The start of talks to join the Comprehensive and Progressive Agreement for Trans-Pacific Partnership, made up of 11 counties with a combined half billion people, came as Foreign Secretary Dominic Raab met with his counterpart and other Vietnamese officials during his fifth visit to Southeast Asia in his current job.
Britain is also looking to attain “dialogue partnership” status with the 10-country Association of Southeast Asian Nations, or ASEAN, as it pursues a “tilt” toward the Indo-Pacific region in response to China’s growing influence on the world stage that was recommended by a recent British government review of defence and foreign policy.
“The UK is committed to strengthening our friendship across the Indo-Pacific,” Mr Raab said ahead of the trip.

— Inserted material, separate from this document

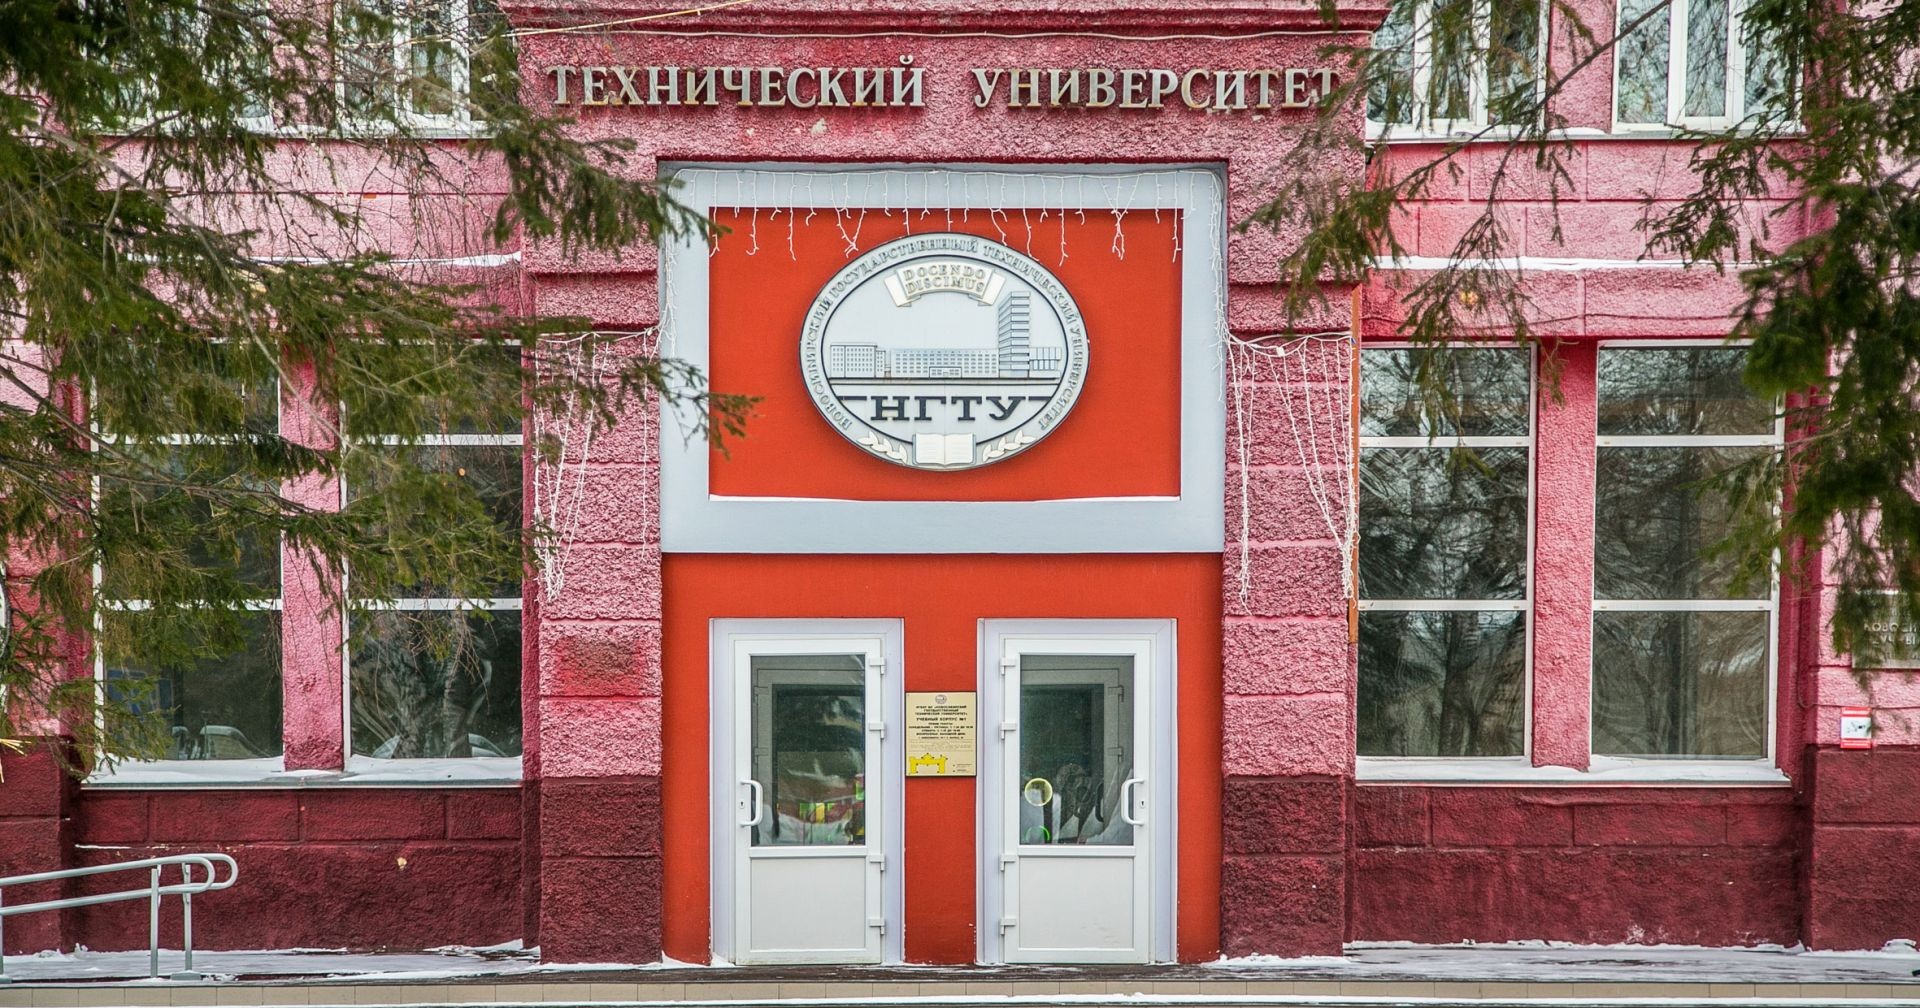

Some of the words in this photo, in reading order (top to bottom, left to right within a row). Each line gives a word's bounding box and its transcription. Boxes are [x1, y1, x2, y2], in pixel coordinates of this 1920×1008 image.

“We are demonstrating this through our commitment to join CPTPP, partner with ASEAN and invest more energy, time and effort in our bilateral relations in the region.”
The push comes as the region’s countries are looking for “options and alternatives” to China as their main source of capital and trading opportunities, said Euan Graham, senior fellow for Asia-Pacific security with the International Institute for Strategic Studies’ office in Singapore.
For Britain to be taken seriously it needs to show that it’s prepared to be engaged for the long-term, he said.
“It’s no good just saying you’re engaged from the safety of London, even in a pandemic you have to commit to face time in the region,” he said.
Beyond trade, Britain earlier this year dispatched a strike group led by the Royal Navy’s flagship aircraft carrier the HMS Queen Elizabeth on a 28-week deployment to Asia. It is also expected to announce the forward deployment of smaller Royal Navy vessels to the Indo-Pacific, Mr Graham said.
“That would be noticed in the region,” he said.
“It won’t change the balance of power, but it does demonstrate to China and others that this is not only a US-China bilateral dynamic.”